Department of Biological Chemistry, Faculty of Pharmaceutical Sciences, Teikyo University, Kanagawa, Japan.

Published: April 1992

The arginine-tail method is a recently developed affinity tag procedure utilizing immobilized anhydrotrypsin for specific enrichment of a recombinant protein. Three model proteins (originally human beta-galactoside-binding lectin with a relative sub-unit molecular mass of 14,000) were prepared by mutagenesis, each of which has a tail of either Arg, Gly-Arg, or Gly-Gly-Arg at the C-terminus. All of them retained their original sugar-binding activity and antigenicity, and became recognizable by anhydrotrypsin. They were adsorbed on an anhydrotrypsin-agarose column at pH 5 after treatment with 4 M urea or 10 mM HCl to expose the C-terminal tails. The adsorbed arginine-tailed lectins were eluted either specifically with benzoylglycylarginine (Bz-Gly-Arg) or with 5 mM HCl. Added arginine was removed by carboxypeptidase B, but very slowly.
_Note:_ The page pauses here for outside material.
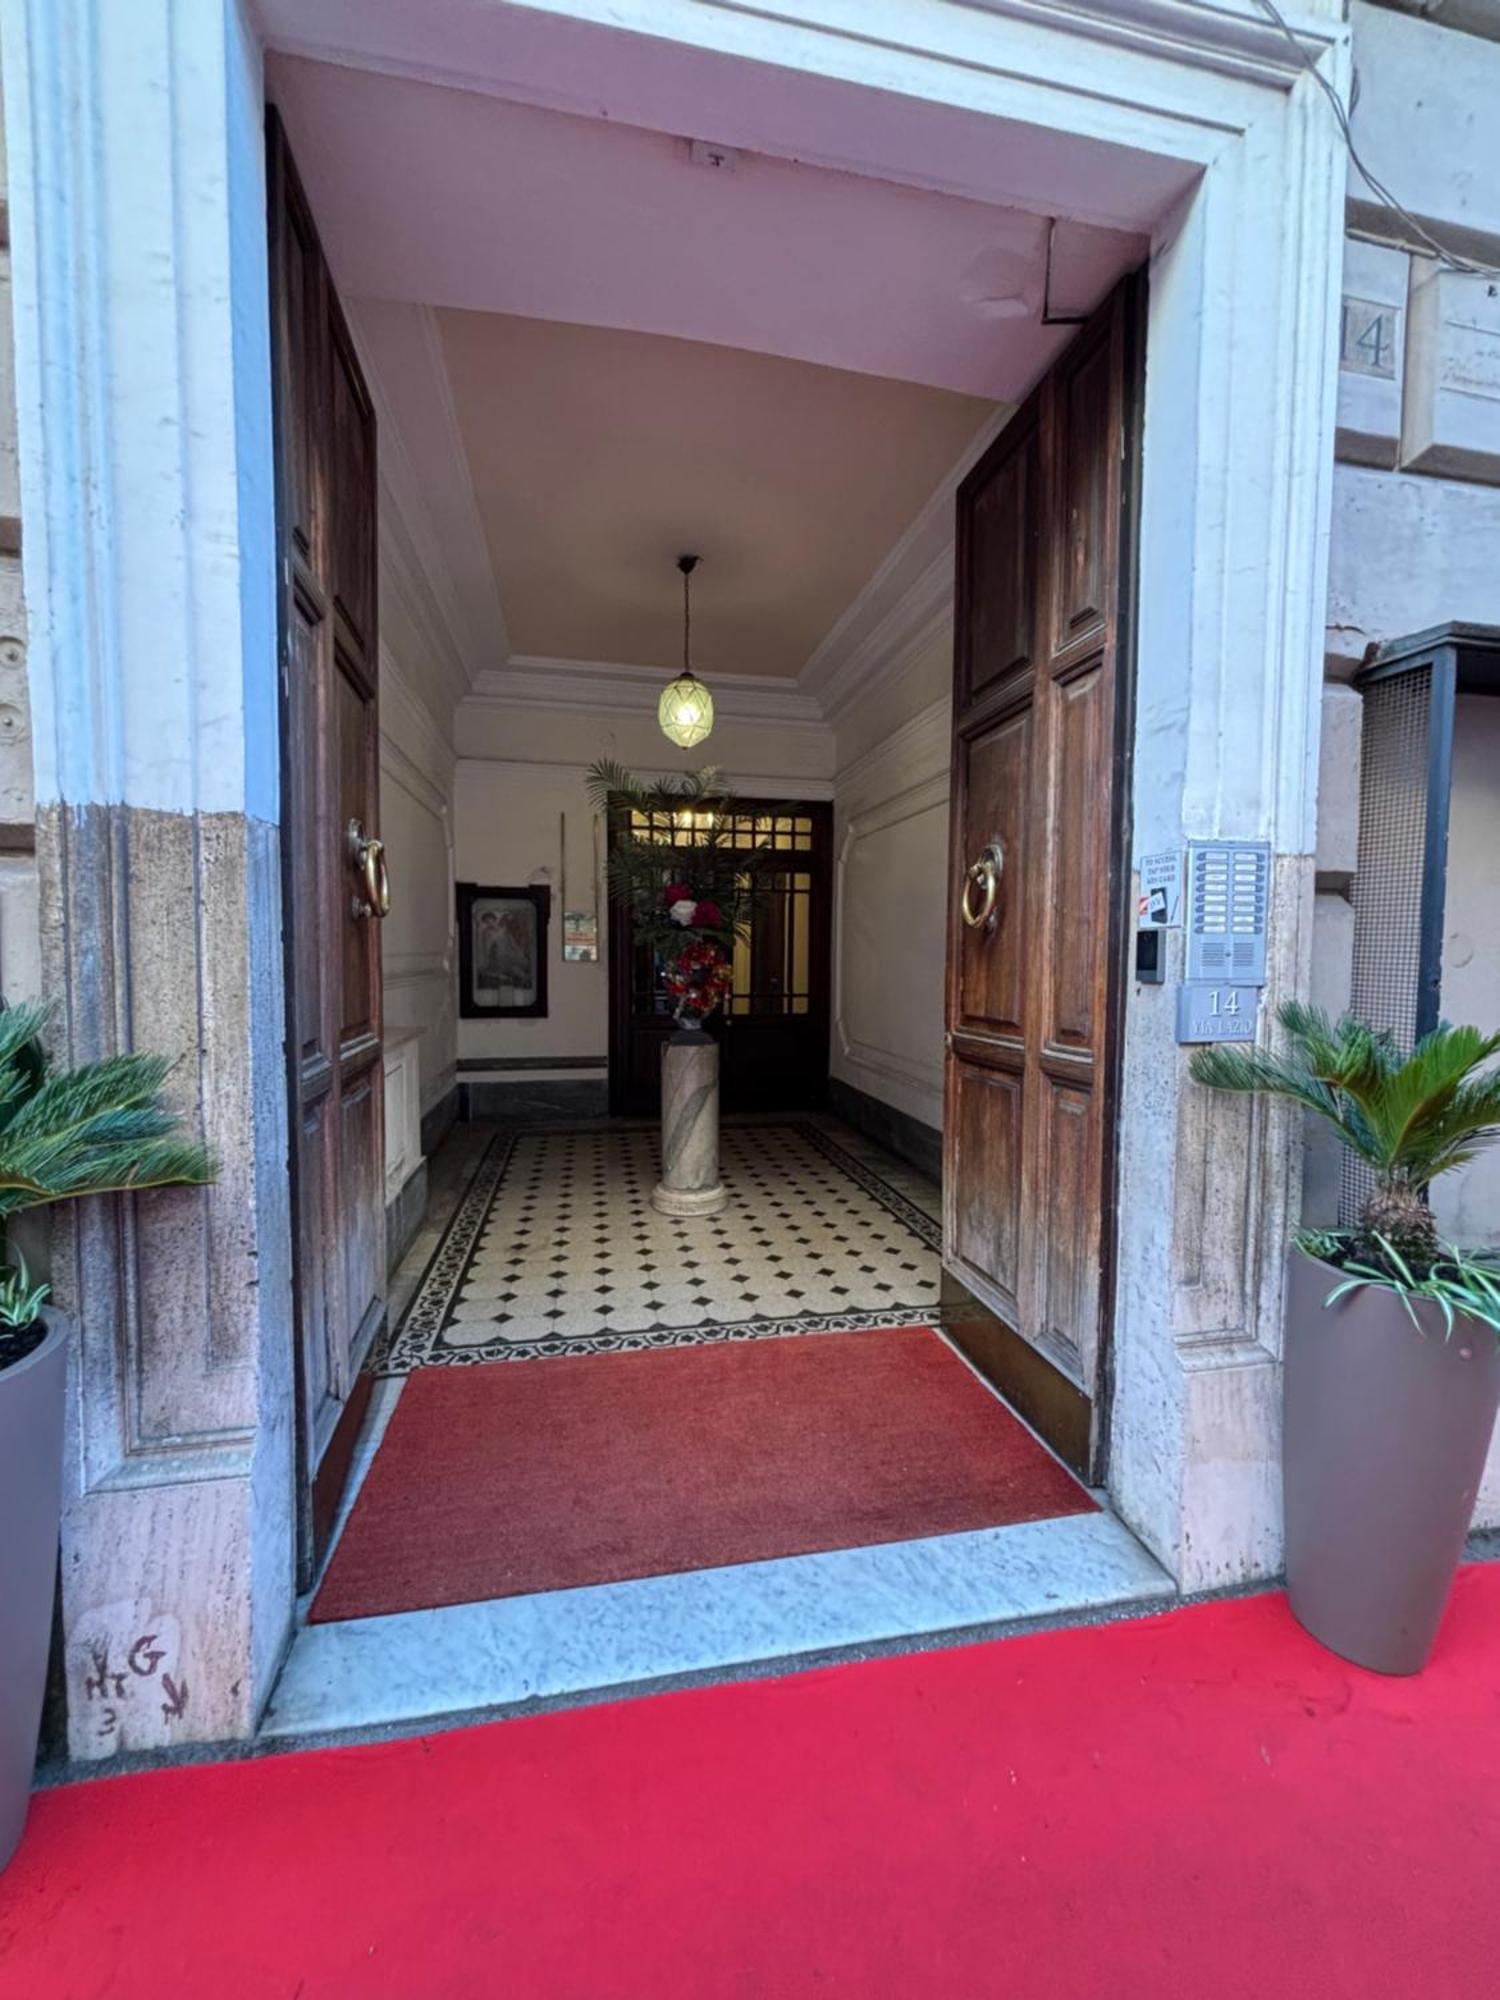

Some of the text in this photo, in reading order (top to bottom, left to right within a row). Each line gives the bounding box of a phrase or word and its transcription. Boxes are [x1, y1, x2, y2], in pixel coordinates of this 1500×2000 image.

When urea-denatured Escherichia coli lysate containing one of the arginine-tailed lectins was applied to the column, the lectin was adsorbed together with some host proteins, which are expected to have arginine or lysine at their C-termini. However, more than a ten-fold enrichment was attained by this procedure. The described method would be useful for purifying various recombinant proteins, even those which are inactive as a result of mutagenesis. The smallest tag arginine at the C-terminus should have a minimum effect on both the structure and function of a target protein.